Date of Award:

5-2017

Document Type:

Thesis

Degree Name:

Master of Science (MS)

Department:

Chemistry and Biochemistry

Committee Chair(s)

Yujie Sun

Committee

Yujie Sun

Committee

Lisa M. Berreau

Committee

Lance C. Seefeldt

Abstract

Solar energy is a carbon-neutral and renewable energy resource. Its nature of intermittence and unequal distribution requires efficient solar energy capture, conversion, and storage. Solar-driven water splitting to produce hydrogen and oxygen is widely considered as an appealing approach to meet this goal, in which hydrogen acts as a green energy carrier. Water splitting consists of two redox half reactions: hydrogen evolution reaction (HER) and oxygen evolution reaction (OER). Both reactions involve the transfer of multiple electrons and protons and possess high energy barriers to proceed at appreciable rates, hence catalysts are needed.

A large number of HER and OER catalysts employ expensive metals, such as Pt, Ru, and Ir, but the associated scarce and cost prohibit their wide application.

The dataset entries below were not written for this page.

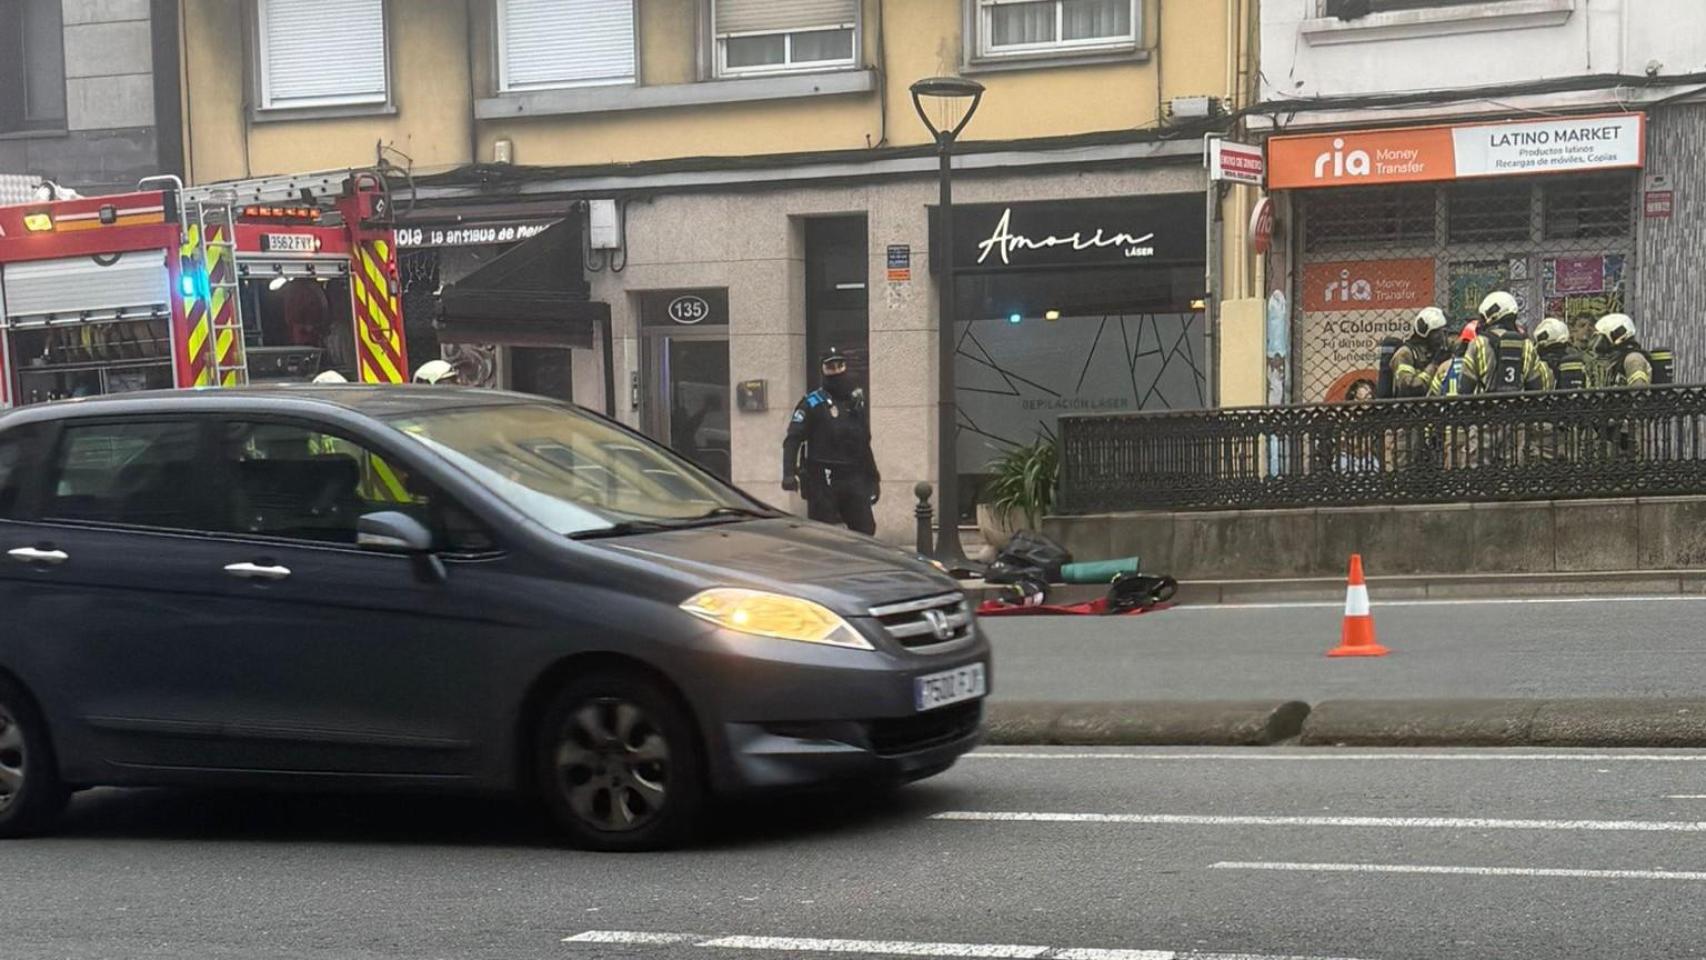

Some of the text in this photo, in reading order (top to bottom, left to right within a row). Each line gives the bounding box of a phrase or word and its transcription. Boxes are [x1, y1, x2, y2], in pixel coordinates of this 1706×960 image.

[1490, 126, 1622, 147] LATINO MARKET
[1314, 138, 1370, 178] ria
[1376, 149, 1418, 161] Money
[1519, 145, 1595, 157] Productos latinos
[1375, 161, 1424, 175] Transfer
[1496, 159, 1536, 168] Recargas
[1537, 157, 1548, 166] de
[498, 226, 515, 241] de
[1324, 268, 1372, 302] ria
[675, 301, 702, 318] 135
[1340, 318, 1411, 334] Colombia
[1504, 367, 1515, 383] 3

Solid-state catalysts employing earth-abundant elements have also been reported to show catalytic performance for water splitting under various conditions. Most research efforts have been devoted to developing non-precious HER and OER catalysts in acidic and basic media, respectively. The incompatibility of electrolytes makes it difficult to couple HER and OER catalysts to achieve overall water splitting. Taking into account of the vulnerability of most 1st-row transition metal-based OER catalysts in acidic solution and the much larger overpotential loss of OER than that of HER, we reasoned that developing bifunctional catalysts that operate in basic solution will be a promising strategy for overall water splitting with high efficiency.

The research results presented in this thesis showcase our achievements in developing low-cost electrocatalyts for HER and OER. Our research particularly focused on the 1st-row transition metal-based sulfides and phosphides, which exhibited excellent activity and stability for electrocatalytic water splitting.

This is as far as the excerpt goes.